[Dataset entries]
------------------------------------------------------------------------
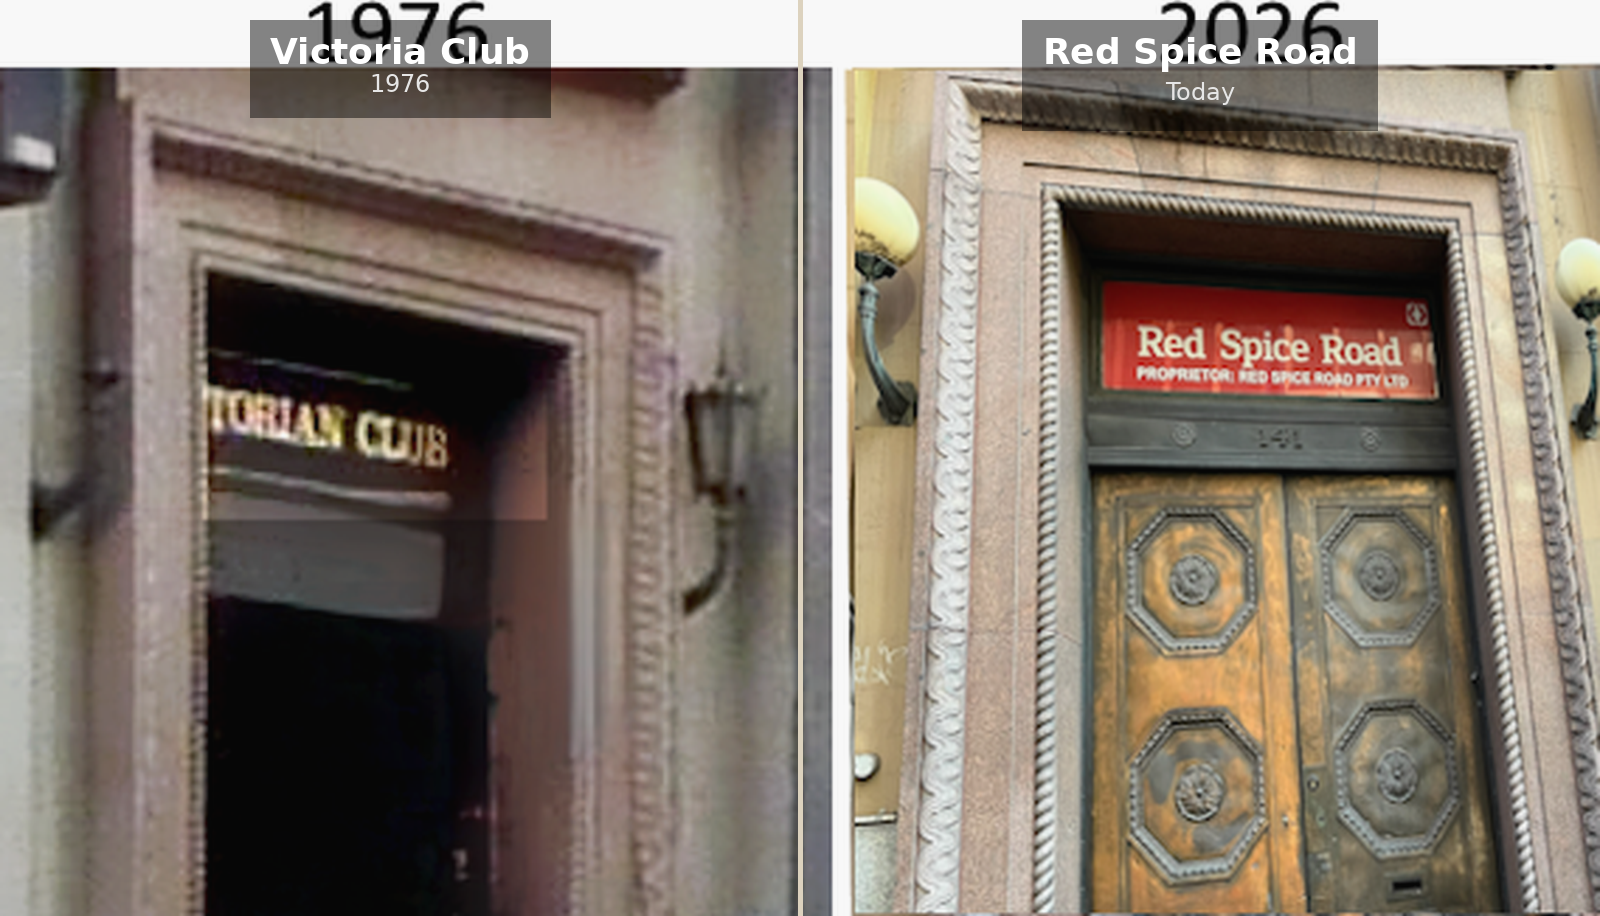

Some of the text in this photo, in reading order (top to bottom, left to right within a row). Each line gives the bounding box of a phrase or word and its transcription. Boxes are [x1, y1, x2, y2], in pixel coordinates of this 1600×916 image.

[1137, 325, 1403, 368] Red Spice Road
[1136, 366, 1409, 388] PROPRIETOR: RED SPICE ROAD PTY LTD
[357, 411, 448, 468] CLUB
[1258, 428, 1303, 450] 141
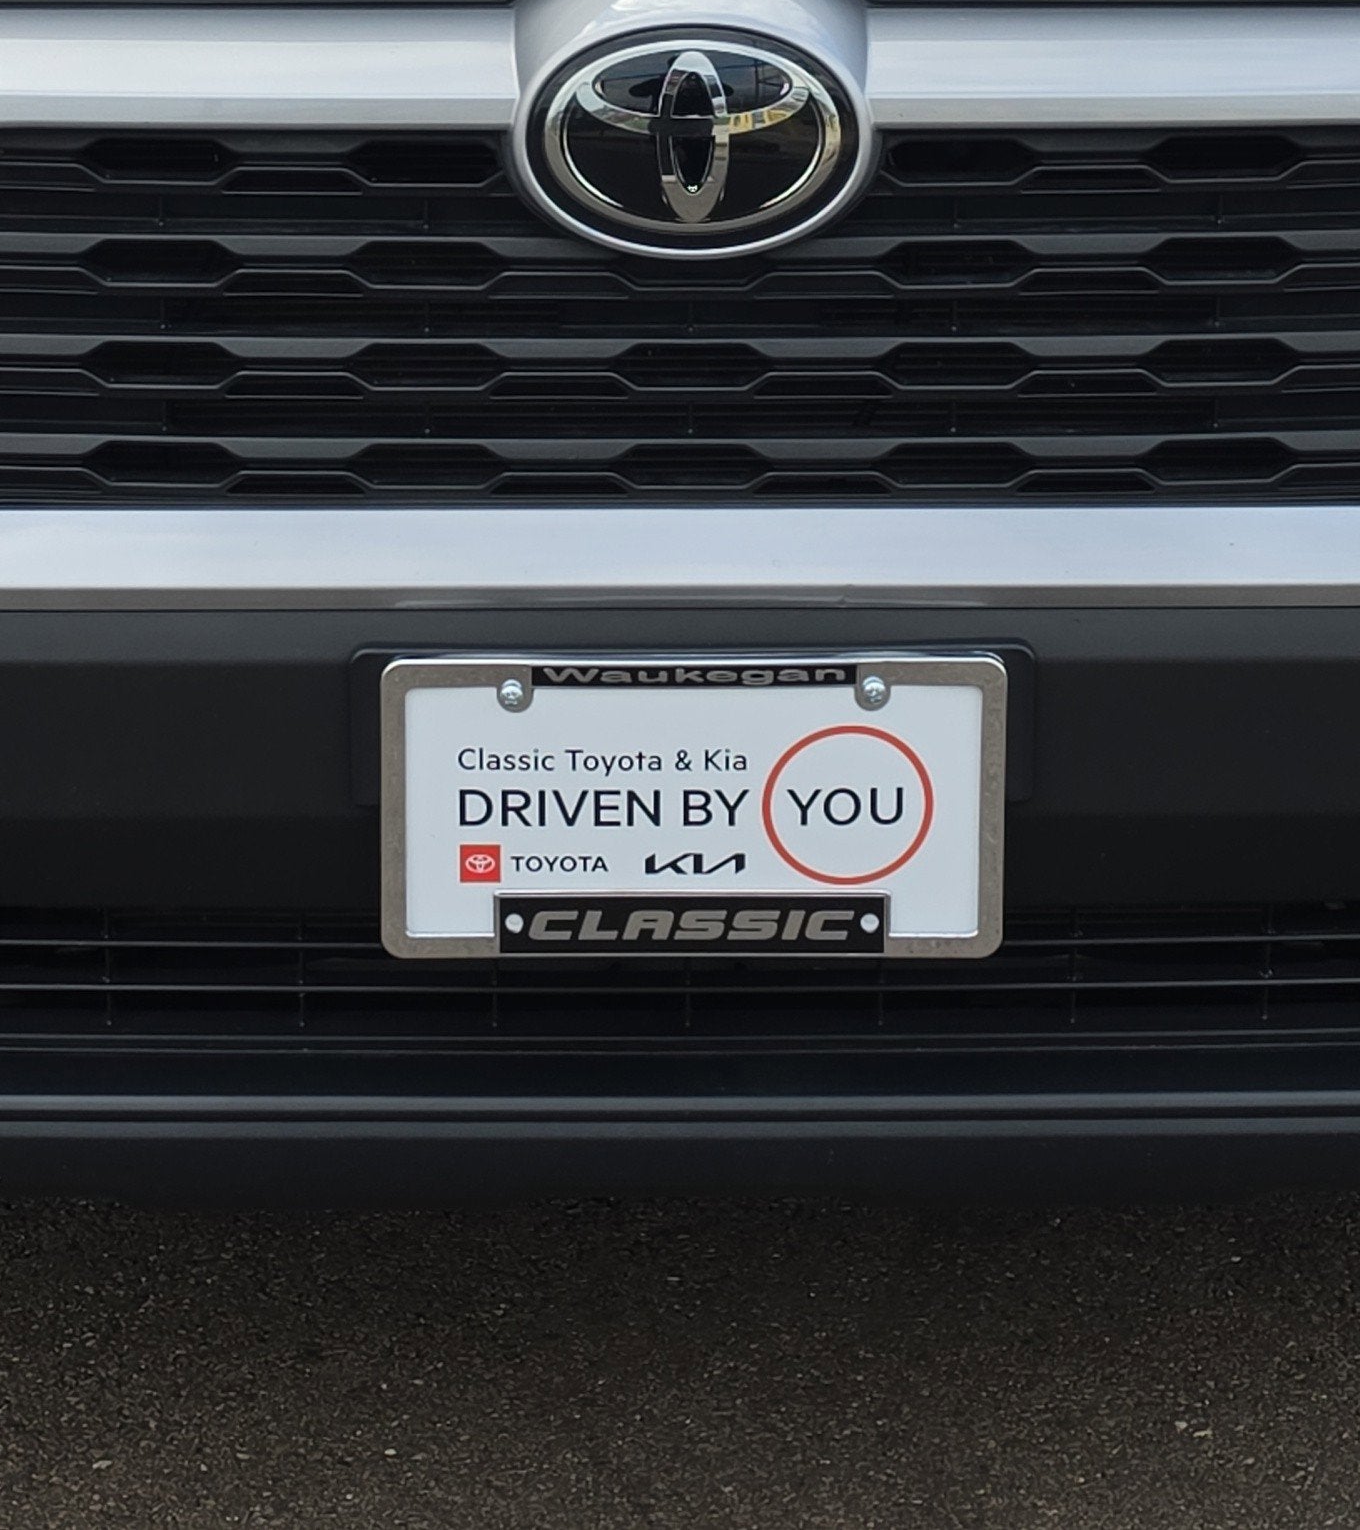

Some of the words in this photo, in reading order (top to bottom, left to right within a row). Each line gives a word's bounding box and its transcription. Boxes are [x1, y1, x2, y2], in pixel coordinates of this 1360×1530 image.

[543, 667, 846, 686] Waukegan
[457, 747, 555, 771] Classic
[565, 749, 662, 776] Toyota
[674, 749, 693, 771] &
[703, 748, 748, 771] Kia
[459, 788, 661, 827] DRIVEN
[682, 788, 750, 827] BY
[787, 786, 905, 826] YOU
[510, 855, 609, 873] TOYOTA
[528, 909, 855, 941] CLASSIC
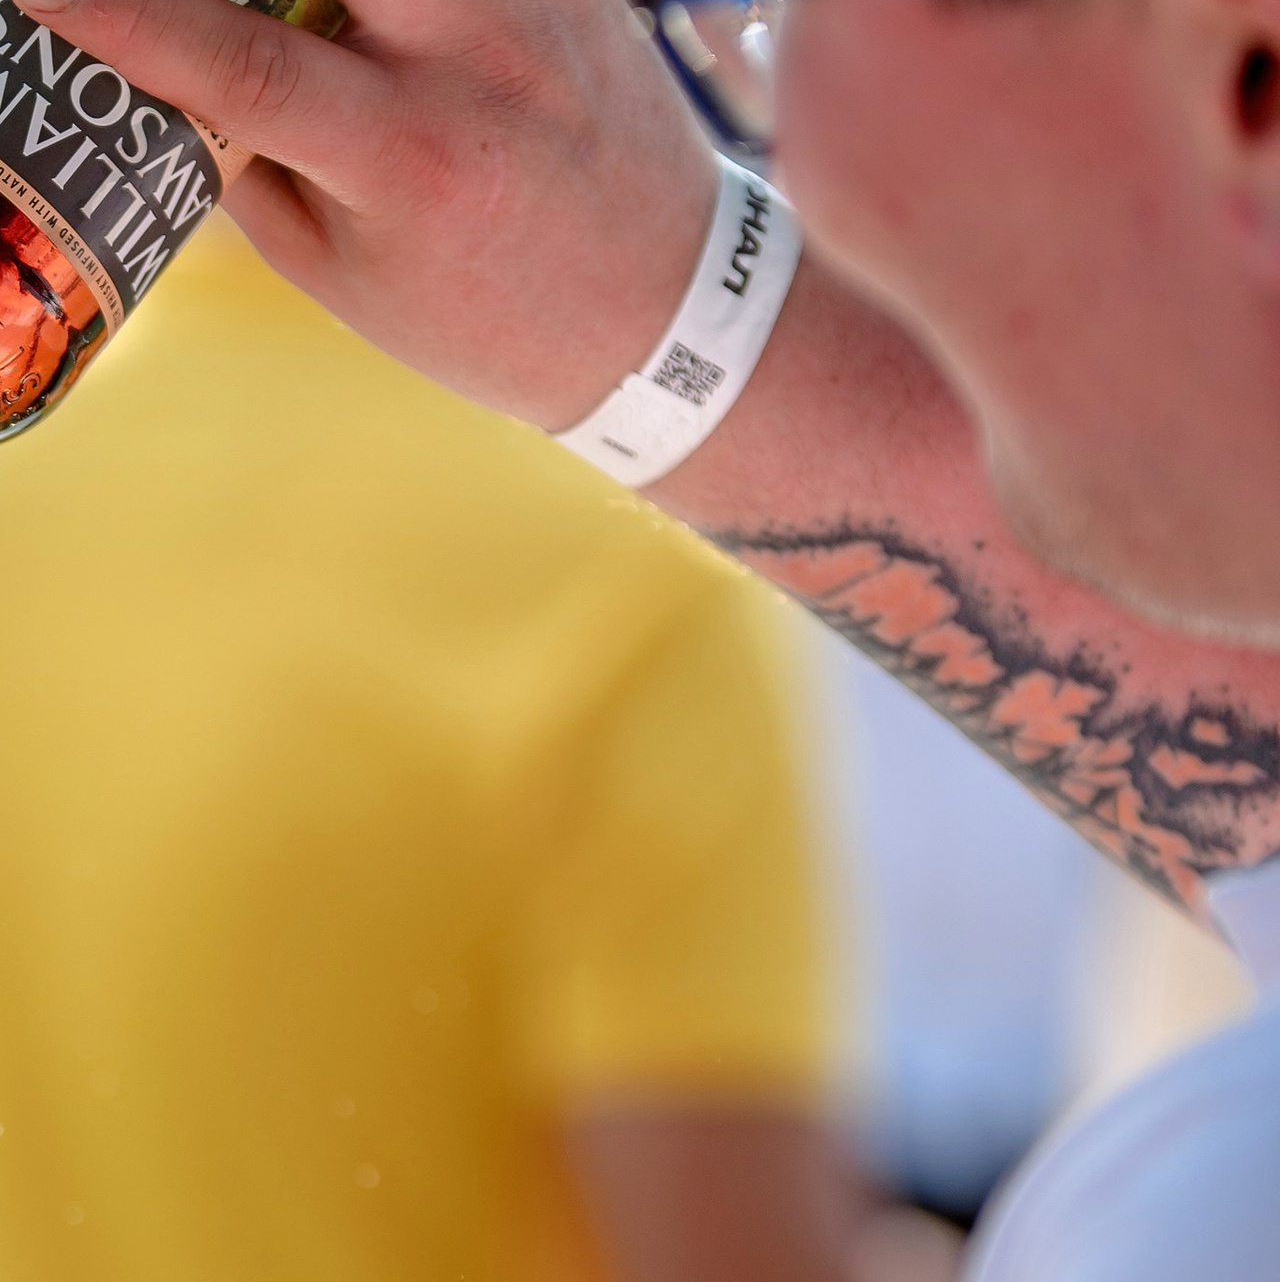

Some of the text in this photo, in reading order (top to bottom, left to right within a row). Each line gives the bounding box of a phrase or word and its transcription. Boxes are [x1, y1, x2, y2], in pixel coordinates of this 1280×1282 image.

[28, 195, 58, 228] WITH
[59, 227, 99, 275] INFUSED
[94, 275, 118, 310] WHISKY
------------------------------------------------------------------------
Work required. Please write out the lines that run from the one with "this 1280×1282 image." to the end of the records, both included, exactly as they appear.

Task solution.
Some of the text in this photo, in reading order (top to bottom, left to right within a row). Each line gives the bounding box of a phrase or word and its transcription. Boxes are [x1, y1, x2, y2], in pixel coordinates of this 1280×1282 image.

[28, 195, 58, 228] WITH
[59, 227, 99, 275] INFUSED
[94, 275, 118, 310] WHISKY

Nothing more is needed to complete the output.